[ASSIGNED TASK] When you reach the line containing "this 1920×840 image.", repeat it and every line after it exactly, stopping only at the end of the listing.

···

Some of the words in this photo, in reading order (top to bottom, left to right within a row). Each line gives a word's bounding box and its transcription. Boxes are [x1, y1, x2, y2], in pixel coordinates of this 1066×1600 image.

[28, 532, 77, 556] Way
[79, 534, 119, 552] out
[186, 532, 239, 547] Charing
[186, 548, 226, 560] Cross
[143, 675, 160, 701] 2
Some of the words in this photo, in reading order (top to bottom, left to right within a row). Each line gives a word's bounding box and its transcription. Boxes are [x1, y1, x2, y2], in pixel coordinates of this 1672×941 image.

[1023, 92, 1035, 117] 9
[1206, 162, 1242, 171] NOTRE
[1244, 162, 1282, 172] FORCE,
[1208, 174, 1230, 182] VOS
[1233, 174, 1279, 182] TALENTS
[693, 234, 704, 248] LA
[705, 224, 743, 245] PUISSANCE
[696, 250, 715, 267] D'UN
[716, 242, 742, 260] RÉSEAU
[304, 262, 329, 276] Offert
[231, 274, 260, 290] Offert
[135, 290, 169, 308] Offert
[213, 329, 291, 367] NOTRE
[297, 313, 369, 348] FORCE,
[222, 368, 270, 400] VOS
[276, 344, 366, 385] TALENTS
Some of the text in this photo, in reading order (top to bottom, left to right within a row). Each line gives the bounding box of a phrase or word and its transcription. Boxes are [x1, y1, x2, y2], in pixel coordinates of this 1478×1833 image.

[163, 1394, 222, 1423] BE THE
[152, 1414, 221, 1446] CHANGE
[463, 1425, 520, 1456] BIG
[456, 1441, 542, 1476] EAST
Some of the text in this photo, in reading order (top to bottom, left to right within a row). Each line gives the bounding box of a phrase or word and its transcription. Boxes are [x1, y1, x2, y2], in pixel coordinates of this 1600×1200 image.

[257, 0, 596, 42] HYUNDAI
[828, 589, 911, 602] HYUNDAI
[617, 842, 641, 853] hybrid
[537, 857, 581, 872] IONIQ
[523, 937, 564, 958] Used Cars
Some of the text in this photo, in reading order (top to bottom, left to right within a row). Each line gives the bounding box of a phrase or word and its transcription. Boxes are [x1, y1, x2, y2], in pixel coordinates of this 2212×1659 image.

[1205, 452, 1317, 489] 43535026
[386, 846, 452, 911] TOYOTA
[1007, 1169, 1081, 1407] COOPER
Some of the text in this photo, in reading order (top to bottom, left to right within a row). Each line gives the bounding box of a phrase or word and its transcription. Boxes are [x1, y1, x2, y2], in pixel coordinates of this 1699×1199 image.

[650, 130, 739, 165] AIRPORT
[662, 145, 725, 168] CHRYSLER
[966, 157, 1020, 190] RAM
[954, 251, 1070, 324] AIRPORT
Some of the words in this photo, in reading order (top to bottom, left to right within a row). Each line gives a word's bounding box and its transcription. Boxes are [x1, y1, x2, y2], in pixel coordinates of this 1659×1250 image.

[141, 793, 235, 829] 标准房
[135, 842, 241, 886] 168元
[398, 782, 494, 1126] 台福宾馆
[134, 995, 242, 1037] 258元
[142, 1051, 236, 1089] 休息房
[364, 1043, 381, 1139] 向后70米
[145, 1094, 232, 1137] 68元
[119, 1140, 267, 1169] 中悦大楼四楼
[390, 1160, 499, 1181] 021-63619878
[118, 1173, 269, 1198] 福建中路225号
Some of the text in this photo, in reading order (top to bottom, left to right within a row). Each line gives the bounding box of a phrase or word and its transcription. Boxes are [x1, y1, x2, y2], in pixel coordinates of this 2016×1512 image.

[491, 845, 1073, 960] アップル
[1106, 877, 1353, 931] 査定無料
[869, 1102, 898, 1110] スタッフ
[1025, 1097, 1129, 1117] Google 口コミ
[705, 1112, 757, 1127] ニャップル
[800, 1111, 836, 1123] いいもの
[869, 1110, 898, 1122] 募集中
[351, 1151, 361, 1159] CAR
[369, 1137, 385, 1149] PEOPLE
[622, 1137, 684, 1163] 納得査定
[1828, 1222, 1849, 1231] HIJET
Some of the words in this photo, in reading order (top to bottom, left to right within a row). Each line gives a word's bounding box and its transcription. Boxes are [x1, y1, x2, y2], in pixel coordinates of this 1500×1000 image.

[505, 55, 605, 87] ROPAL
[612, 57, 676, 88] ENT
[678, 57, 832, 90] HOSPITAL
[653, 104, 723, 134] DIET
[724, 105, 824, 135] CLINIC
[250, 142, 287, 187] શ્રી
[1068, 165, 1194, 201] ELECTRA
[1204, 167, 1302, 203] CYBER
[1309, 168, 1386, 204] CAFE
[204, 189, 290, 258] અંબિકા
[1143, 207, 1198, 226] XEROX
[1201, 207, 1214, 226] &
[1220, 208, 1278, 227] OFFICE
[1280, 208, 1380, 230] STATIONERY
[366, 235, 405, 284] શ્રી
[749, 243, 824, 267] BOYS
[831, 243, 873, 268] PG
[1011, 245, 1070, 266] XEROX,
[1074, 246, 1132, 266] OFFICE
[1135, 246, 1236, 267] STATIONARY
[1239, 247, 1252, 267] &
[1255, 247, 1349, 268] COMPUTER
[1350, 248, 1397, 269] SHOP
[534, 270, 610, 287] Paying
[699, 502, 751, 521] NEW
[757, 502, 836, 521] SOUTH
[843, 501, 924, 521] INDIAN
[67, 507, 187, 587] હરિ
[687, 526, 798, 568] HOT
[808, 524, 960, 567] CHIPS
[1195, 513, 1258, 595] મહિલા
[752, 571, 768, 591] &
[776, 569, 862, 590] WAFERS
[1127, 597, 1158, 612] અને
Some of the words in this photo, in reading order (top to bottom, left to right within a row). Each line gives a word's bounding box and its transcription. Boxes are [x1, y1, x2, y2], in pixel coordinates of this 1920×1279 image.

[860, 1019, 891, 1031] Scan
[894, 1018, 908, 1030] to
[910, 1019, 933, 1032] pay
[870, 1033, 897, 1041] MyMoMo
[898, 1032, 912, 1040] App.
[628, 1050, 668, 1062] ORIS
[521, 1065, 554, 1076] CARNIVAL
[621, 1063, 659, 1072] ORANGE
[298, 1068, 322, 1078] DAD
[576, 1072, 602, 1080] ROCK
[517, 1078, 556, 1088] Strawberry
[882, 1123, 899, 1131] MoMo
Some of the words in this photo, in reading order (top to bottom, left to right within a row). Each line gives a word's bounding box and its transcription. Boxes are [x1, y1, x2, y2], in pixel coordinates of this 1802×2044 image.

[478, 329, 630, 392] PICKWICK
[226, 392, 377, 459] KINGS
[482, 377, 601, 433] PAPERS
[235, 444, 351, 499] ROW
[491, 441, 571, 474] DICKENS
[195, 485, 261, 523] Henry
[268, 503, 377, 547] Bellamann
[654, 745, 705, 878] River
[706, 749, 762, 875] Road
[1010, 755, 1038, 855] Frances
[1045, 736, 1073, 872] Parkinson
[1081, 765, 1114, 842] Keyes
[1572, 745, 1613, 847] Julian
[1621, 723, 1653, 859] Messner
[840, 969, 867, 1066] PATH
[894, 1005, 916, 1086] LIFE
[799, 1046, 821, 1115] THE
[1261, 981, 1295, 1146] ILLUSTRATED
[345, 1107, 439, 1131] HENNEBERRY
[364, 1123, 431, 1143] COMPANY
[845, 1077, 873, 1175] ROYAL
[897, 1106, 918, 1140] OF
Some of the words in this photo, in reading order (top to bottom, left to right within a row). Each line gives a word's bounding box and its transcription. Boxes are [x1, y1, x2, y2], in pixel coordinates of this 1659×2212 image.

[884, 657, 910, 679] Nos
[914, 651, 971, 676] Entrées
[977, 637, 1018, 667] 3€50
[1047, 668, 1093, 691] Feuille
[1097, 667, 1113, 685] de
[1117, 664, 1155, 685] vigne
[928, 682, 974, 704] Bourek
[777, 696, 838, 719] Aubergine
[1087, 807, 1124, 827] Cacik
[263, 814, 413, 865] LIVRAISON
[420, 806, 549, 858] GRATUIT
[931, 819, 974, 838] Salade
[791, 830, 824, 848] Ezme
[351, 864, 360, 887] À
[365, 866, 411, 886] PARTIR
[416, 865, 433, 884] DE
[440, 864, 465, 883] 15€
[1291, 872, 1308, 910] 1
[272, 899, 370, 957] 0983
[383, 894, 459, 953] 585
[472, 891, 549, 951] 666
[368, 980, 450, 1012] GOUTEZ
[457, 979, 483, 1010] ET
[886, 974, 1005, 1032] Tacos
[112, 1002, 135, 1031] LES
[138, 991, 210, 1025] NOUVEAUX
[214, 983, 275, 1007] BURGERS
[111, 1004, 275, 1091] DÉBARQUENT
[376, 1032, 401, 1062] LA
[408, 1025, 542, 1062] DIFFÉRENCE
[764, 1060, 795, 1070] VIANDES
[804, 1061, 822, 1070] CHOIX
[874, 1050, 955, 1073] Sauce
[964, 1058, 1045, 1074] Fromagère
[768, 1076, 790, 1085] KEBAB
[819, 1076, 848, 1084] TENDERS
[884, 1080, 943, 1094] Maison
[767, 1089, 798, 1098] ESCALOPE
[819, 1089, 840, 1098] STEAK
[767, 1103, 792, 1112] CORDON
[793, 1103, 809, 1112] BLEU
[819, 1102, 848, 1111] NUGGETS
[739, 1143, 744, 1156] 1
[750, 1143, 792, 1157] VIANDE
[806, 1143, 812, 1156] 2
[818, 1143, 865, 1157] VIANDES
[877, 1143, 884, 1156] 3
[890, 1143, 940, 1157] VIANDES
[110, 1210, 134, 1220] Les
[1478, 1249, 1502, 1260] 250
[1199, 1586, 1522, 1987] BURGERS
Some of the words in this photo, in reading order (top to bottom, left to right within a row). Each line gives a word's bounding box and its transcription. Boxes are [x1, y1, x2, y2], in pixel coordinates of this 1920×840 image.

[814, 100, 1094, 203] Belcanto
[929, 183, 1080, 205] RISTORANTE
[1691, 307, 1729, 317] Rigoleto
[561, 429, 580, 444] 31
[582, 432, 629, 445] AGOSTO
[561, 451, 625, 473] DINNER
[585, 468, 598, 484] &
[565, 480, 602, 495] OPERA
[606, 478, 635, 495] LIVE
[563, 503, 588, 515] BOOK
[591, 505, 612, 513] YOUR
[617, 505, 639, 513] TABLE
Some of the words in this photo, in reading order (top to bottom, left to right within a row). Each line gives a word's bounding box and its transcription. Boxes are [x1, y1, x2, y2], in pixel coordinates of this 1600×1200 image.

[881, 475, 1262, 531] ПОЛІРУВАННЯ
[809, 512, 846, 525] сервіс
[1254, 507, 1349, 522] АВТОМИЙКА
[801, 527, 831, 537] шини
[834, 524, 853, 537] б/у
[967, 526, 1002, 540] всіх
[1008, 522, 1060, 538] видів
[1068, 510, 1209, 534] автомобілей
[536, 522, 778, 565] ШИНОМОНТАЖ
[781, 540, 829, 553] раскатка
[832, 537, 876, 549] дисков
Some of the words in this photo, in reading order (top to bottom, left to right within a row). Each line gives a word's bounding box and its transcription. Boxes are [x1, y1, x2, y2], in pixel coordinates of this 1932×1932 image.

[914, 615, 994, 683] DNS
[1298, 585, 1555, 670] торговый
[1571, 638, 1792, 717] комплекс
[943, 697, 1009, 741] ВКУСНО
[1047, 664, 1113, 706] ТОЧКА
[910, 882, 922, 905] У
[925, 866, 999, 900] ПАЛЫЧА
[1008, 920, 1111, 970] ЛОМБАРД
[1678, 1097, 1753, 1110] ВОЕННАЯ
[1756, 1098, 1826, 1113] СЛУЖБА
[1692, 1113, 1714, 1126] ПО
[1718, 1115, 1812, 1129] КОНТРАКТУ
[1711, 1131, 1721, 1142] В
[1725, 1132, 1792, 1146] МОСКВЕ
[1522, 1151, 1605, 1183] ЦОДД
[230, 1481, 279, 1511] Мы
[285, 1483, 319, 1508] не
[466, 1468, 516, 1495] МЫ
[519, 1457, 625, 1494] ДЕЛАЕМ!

···

[TASK RESPONSE]
Some of the words in this photo, in reading order (top to bottom, left to right within a row). Each line gives a word's bounding box and its transcription. Boxes are [x1, y1, x2, y2], in pixel coordinates of this 1920×840 image.

[814, 100, 1094, 203] Belcanto
[929, 183, 1080, 205] RISTORANTE
[1691, 307, 1729, 317] Rigoleto
[561, 429, 580, 444] 31
[582, 432, 629, 445] AGOSTO
[561, 451, 625, 473] DINNER
[585, 468, 598, 484] &
[565, 480, 602, 495] OPERA
[606, 478, 635, 495] LIVE
[563, 503, 588, 515] BOOK
[591, 505, 612, 513] YOUR
[617, 505, 639, 513] TABLE
Some of the words in this photo, in reading order (top to bottom, left to right within a row). Each line gives a word's bounding box and its transcription. Boxes are [x1, y1, x2, y2], in pixel coordinates of this 1600×1200 image.

[881, 475, 1262, 531] ПОЛІРУВАННЯ
[809, 512, 846, 525] сервіс
[1254, 507, 1349, 522] АВТОМИЙКА
[801, 527, 831, 537] шини
[834, 524, 853, 537] б/у
[967, 526, 1002, 540] всіх
[1008, 522, 1060, 538] видів
[1068, 510, 1209, 534] автомобілей
[536, 522, 778, 565] ШИНОМОНТАЖ
[781, 540, 829, 553] раскатка
[832, 537, 876, 549] дисков
Some of the words in this photo, in reading order (top to bottom, left to right within a row). Each line gives a word's bounding box and its transcription. Boxes are [x1, y1, x2, y2], in pixel coordinates of this 1932×1932 image.

[914, 615, 994, 683] DNS
[1298, 585, 1555, 670] торговый
[1571, 638, 1792, 717] комплекс
[943, 697, 1009, 741] ВКУСНО
[1047, 664, 1113, 706] ТОЧКА
[910, 882, 922, 905] У
[925, 866, 999, 900] ПАЛЫЧА
[1008, 920, 1111, 970] ЛОМБАРД
[1678, 1097, 1753, 1110] ВОЕННАЯ
[1756, 1098, 1826, 1113] СЛУЖБА
[1692, 1113, 1714, 1126] ПО
[1718, 1115, 1812, 1129] КОНТРАКТУ
[1711, 1131, 1721, 1142] В
[1725, 1132, 1792, 1146] МОСКВЕ
[1522, 1151, 1605, 1183] ЦОДД
[230, 1481, 279, 1511] Мы
[285, 1483, 319, 1508] не
[466, 1468, 516, 1495] МЫ
[519, 1457, 625, 1494] ДЕЛАЕМ!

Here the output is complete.